By Stefan J. Bos, Chief International Correspondent BosNewsLife reporting from Dobova, Slovenia

DOBOVA, SLOVENIA (BosNewsLife)– Christians are among record numbers of refugees rushing to Europe despite questions whether the European Union’s pledged assistance can come quickly enough to make a difference as winter sets in.

Slovenia’s Prime Minister Miro Cerar has even warned that if some immediate and concrete actions on the ground is not delivered within the next few days and weeks the European Union and Europe as a whole will start falling apart.

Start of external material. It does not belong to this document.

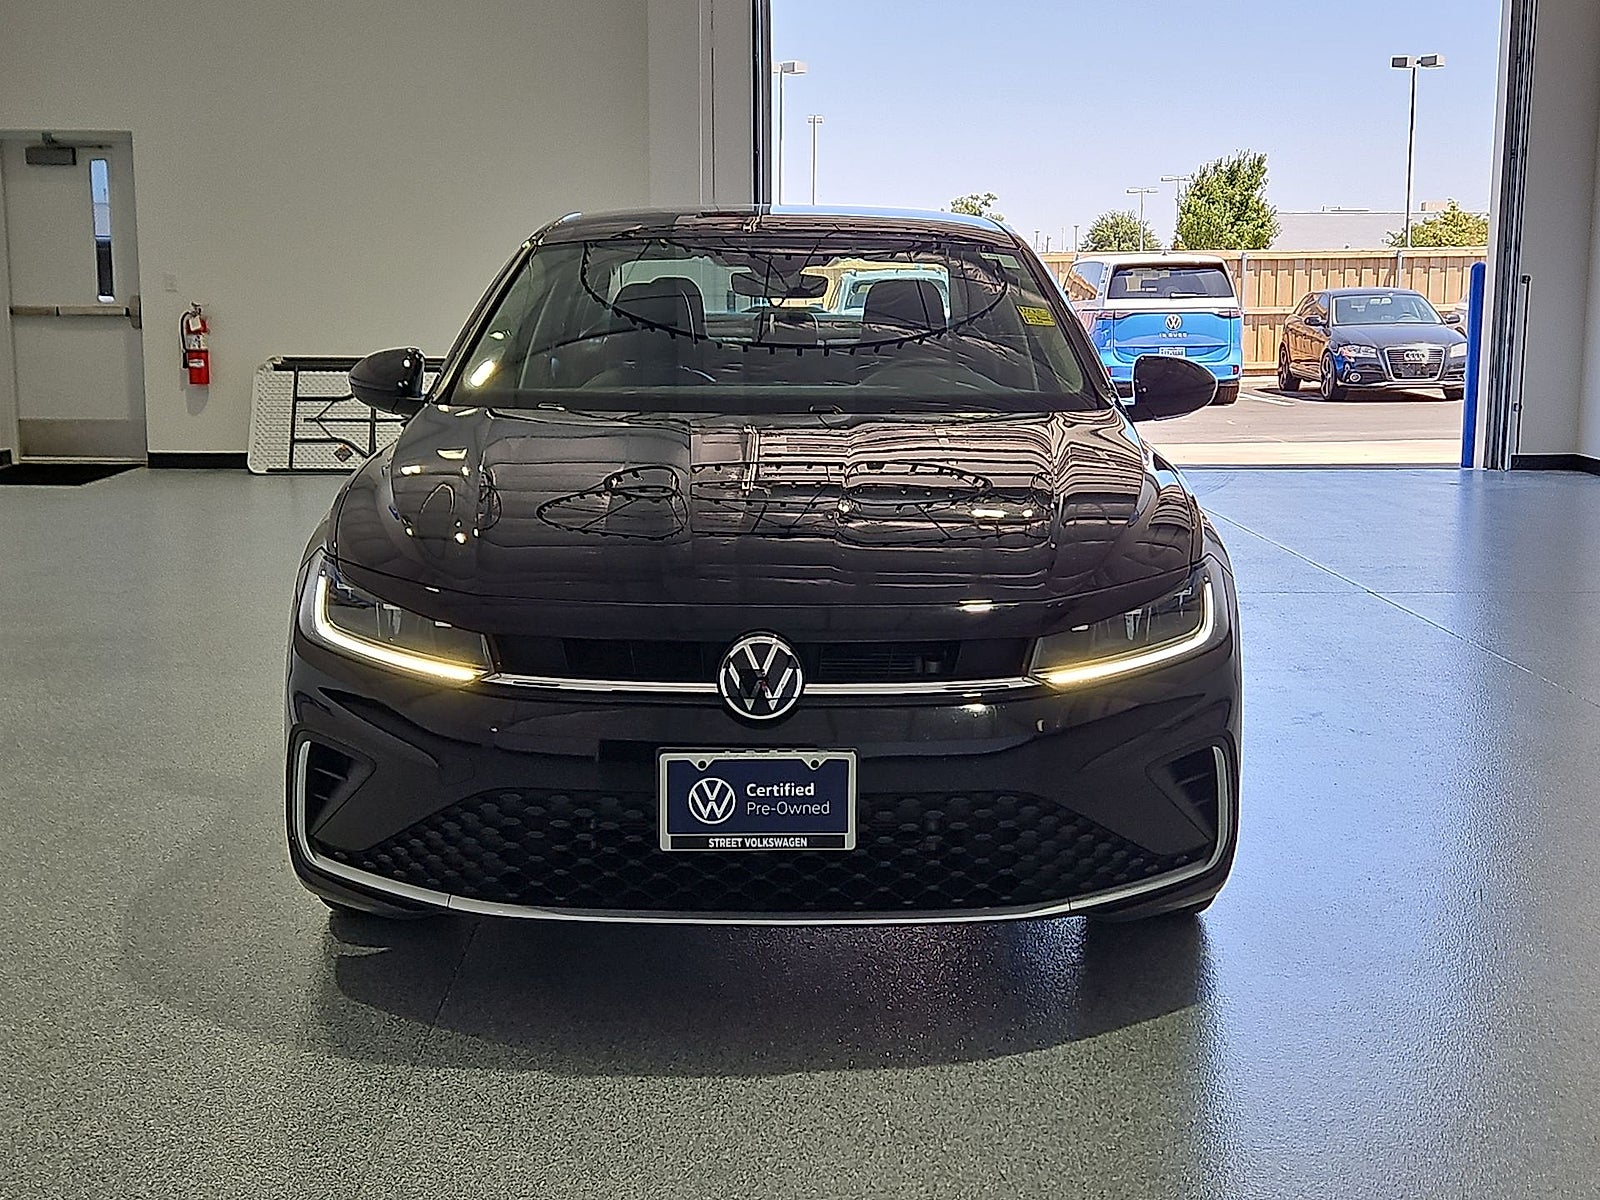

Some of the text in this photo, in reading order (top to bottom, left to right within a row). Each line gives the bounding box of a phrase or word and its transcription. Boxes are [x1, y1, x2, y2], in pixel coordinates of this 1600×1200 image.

[746, 783, 815, 797] Certified
[747, 801, 830, 815] Pre-Owned
[708, 837, 807, 848] STREET VOLKSWAGEN

His tiny nation of some two million has been swamped by more than 60,000 migrants in a matter of days, including here outside the village of Dobova near the Croatian border.

Among them Christian Syrian refugee Baraa Abdulhad, who spent part of her life in the Netherlands and now wants to return with her husband, brother and two children after their home was bombed.

LACK OF FOOD

“I don’t know what will happen to us. We are afraid that our children will die because of the cold and a lack of food,” she told BosNewsLife.

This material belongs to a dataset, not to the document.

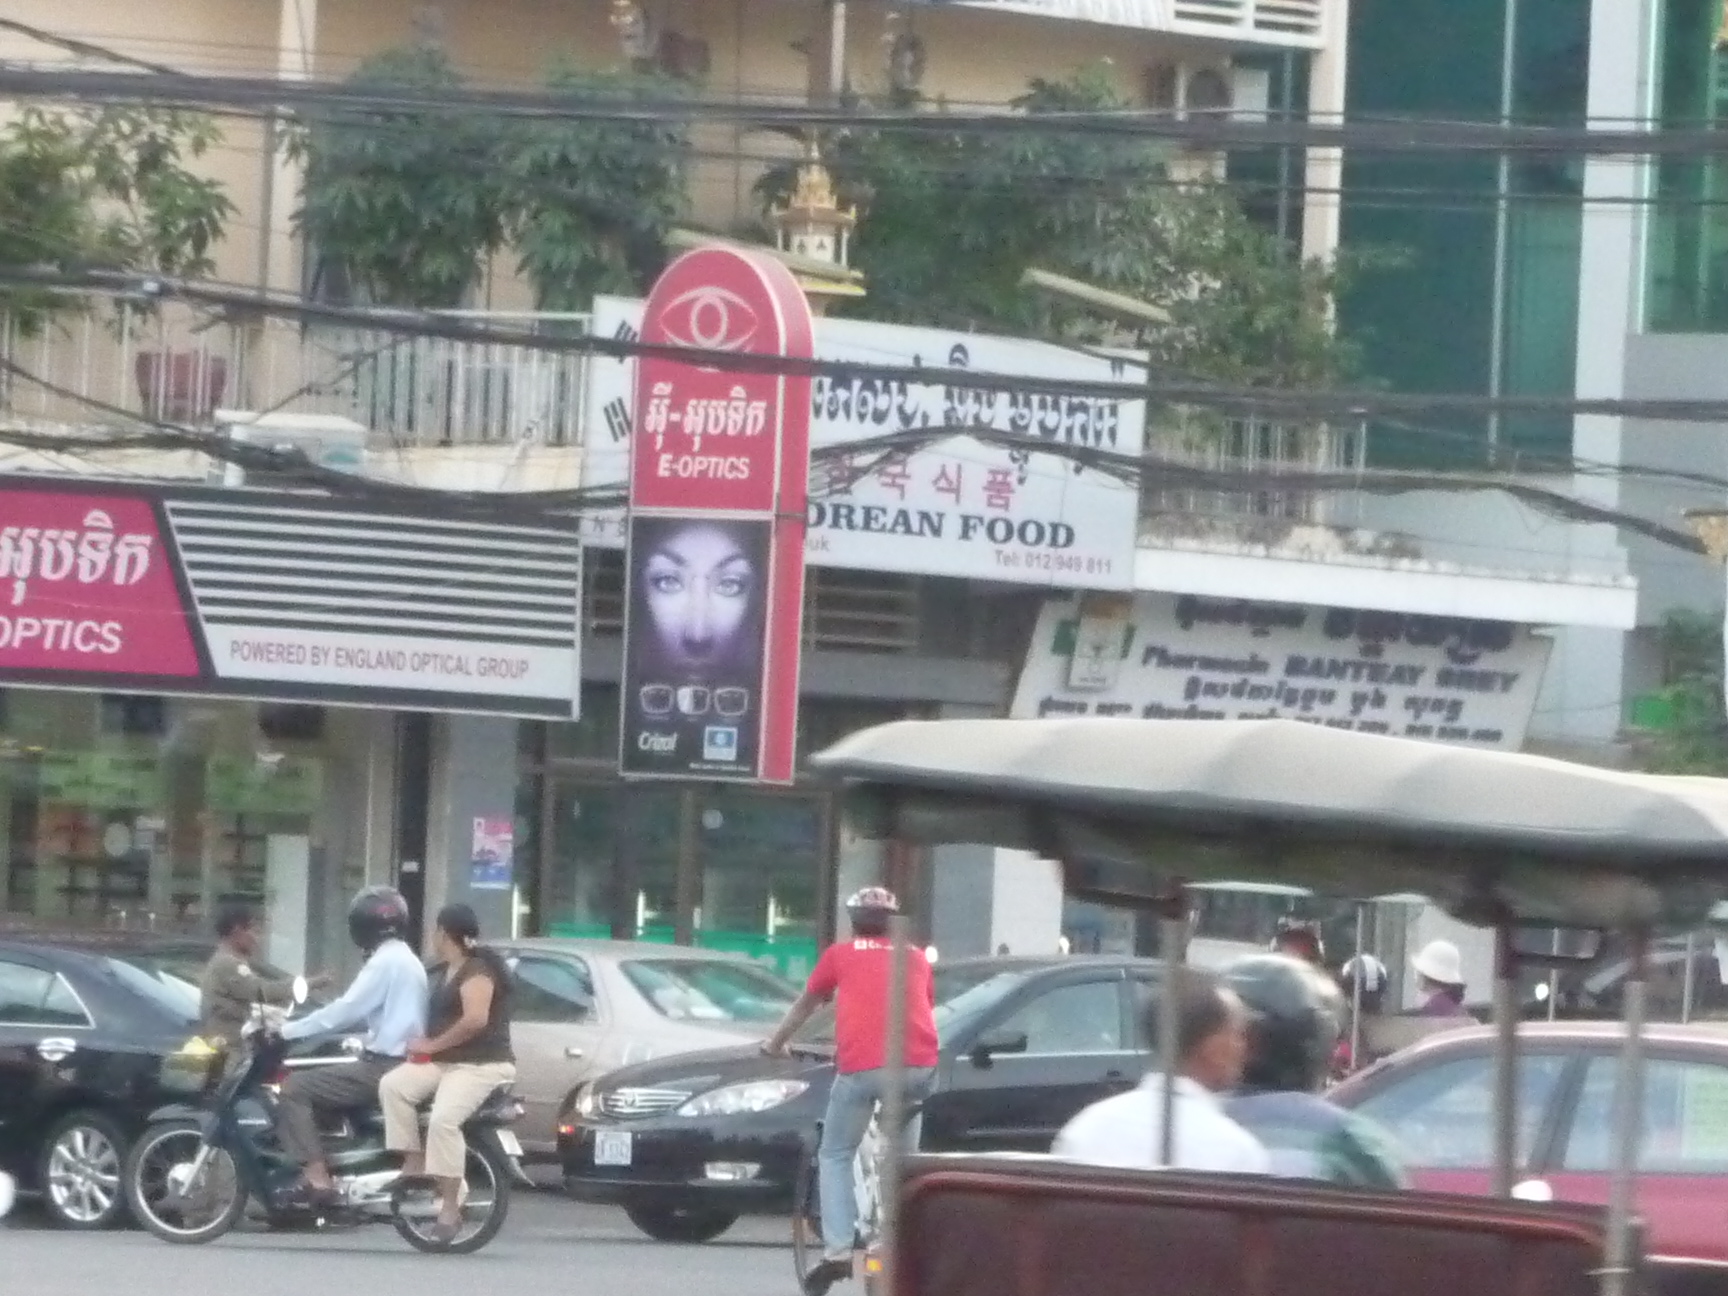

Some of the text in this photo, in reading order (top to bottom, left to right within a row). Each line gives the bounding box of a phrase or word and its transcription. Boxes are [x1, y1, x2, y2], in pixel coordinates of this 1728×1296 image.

Riot police could be seen throwing only some water bottles from a hill to an anxious crowd. “I already said this is the end. We may never reach The Netherlands,” she said crying.

“We already saw how one baby died in Croatia. I cried out to God and said: ‘I hope that my children will not die’.”

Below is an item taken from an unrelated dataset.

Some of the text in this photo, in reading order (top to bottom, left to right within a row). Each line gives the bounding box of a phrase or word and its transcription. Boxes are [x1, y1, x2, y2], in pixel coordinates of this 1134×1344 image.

She explained that as a member of the Christian minority in Syria she already experienced difficulties as the Islamic State militants in her words threatened to kill all Christians for not wearing the hijab, a veil that covers the head and chest.

NOT WELCOME

As a teenager Baraa Abdulhad was deported along with her Christian family from the Netherlands by Minister of Immigration and Integration Rita Verdonk, departing having lived there for years and the known dangers faced by devoted Christians in Syria.

“We were basically the only Syrian asylum seekers while all the other [mainly Muslim] Syrians could stay,” she recalled. “But I love the Netherlands, my brother even calls it his country.”

And after more than 20 days of walking and spending at sea on a dangerous boat she has not lost her faith in Christ, she explains.

“I trust God and thank Him,” she said, speaking on a muddy field with a child in her shoulder.

FAMILIES SEPARATED

Amid the chaos, many families are separated. Slovenian Red Cross volunteer Mojca Harmandic struggles to reunite them. “We found about 15 families, but that its better than nothing,” she says.

“A lot remain missing. It happens for instance when they cross the border and a wife and kid take the bus the husband continues walking. So many [are] lost,” Harmandic explains.

More family tragedies are expected: Croatian police said Monday that more than 13,000 migrants arrived from Serbia in the past 24 hours, while Slovenian police reported nearly 10,000 arrivals from Croatia in the same period.

Further west, some 3,500 people had to sleep outside in Austria in cold fall weather, while Germany said it had seen 15,000 arrivals in one weekend.